Writing isn’t brain surgery, but it’s rare when someone adept at the latter is also so accomplished at the former. Searching for meaning and purpose in his life, Kalanithi pursued a doctorate in literature and had felt certain that he wouldn’t enter the field of medicine, in which his father and other members of his family excelled. “But I couldn’t let go of the question,” he writes, after realizing that his goals “didn’t quite fit in an English department.” “Where did biology, morality, literature and philosophy intersect?” So he decided to set aside his doctoral dissertation and belatedly prepare for medical school, which “would allow me a chance to find answers that are not in books, to find a different sort of sublime, to forge relationships with the suffering, and to keep following the question of what makes human life meaningful, even in the face of death and decay.” The author’s empathy undoubtedly made him an exceptional doctor, and the precision of his prose—as well as the moral purpose underscoring it—suggests that he could have written a good book on any subject he chose.
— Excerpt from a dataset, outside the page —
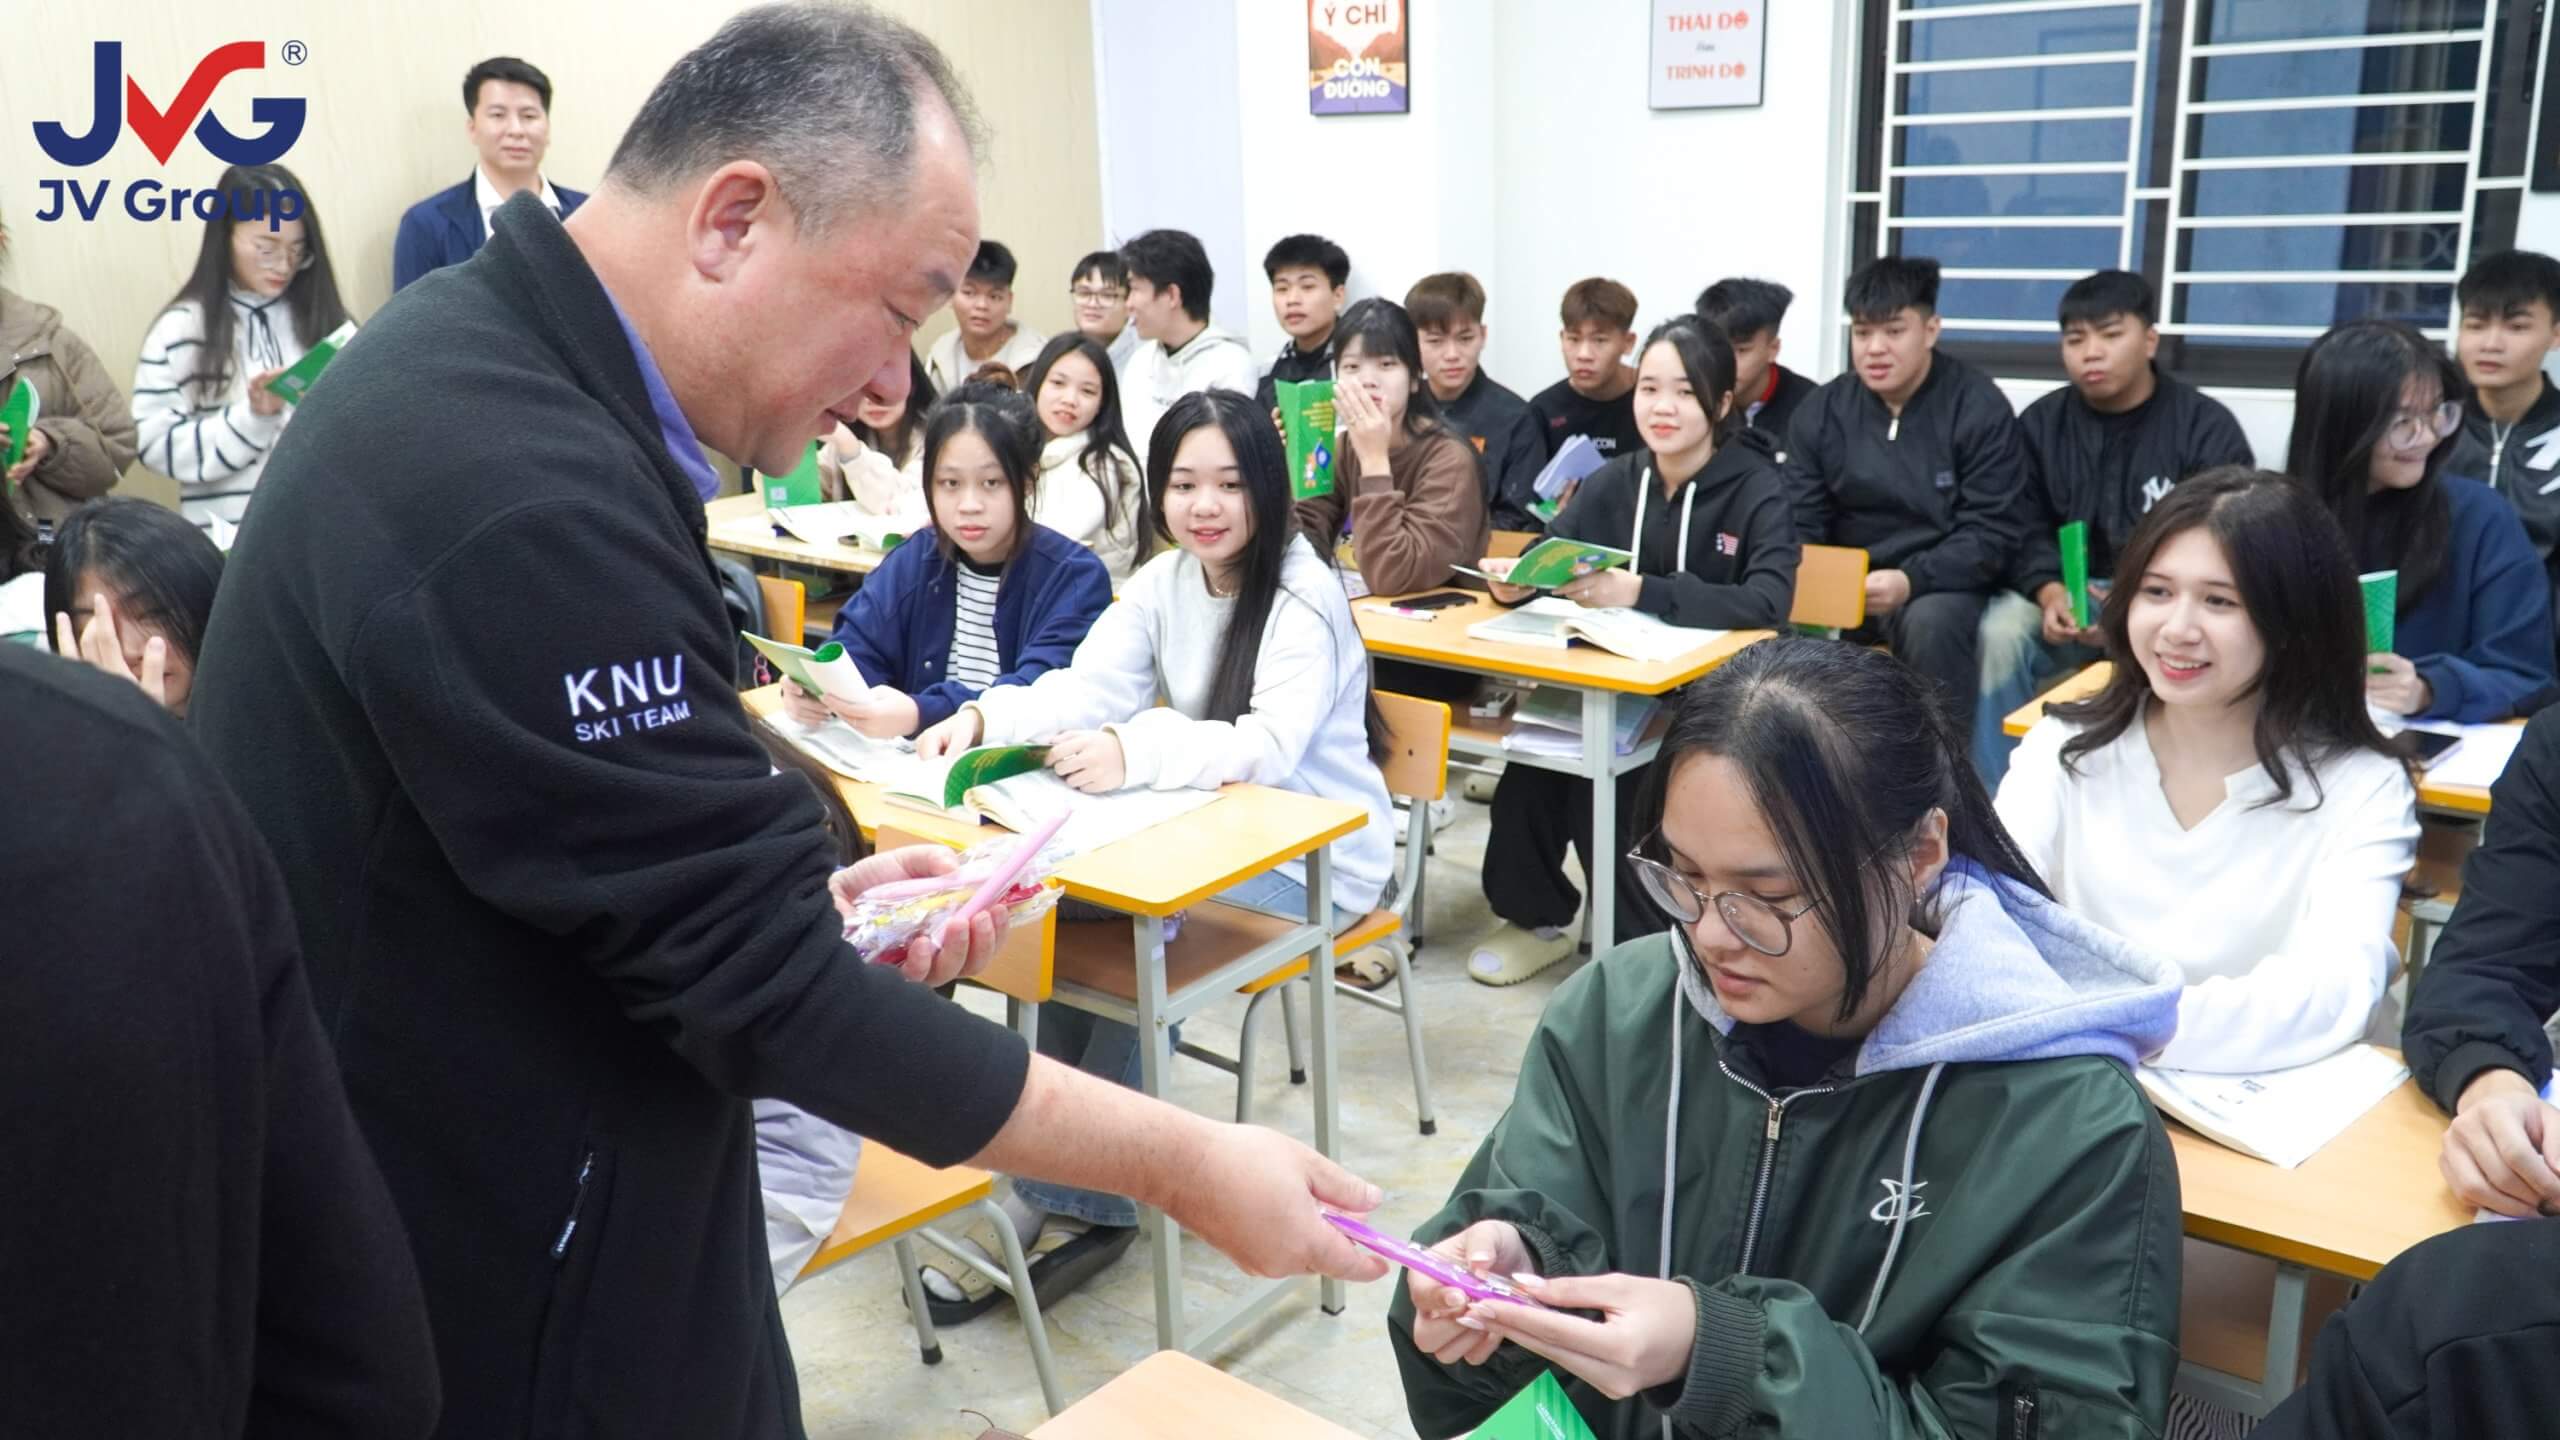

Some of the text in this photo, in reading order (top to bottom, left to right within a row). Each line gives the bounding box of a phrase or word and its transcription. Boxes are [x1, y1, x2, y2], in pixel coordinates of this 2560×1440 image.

[1333, 56, 1381, 78] CON
[564, 653, 683, 717] KNU
[574, 700, 692, 742] SKI TEAM
Part of what makes this book so essential is the fact that it was written under a death sentence following the diagnosis that upended his life, just as he was preparing to end his residency and attract offers at the top of his profession. Kalanithi learned he might have 10 years to live or perhaps five. Should he return to neurosurgery (he could and did), or should he write (he also did)? Should he and his wife have a baby? They did, eight months before he died, which was less than two years after the original diagnosis. “The fact of death is unsettling,” he understates. “Yet there is no other way to live.”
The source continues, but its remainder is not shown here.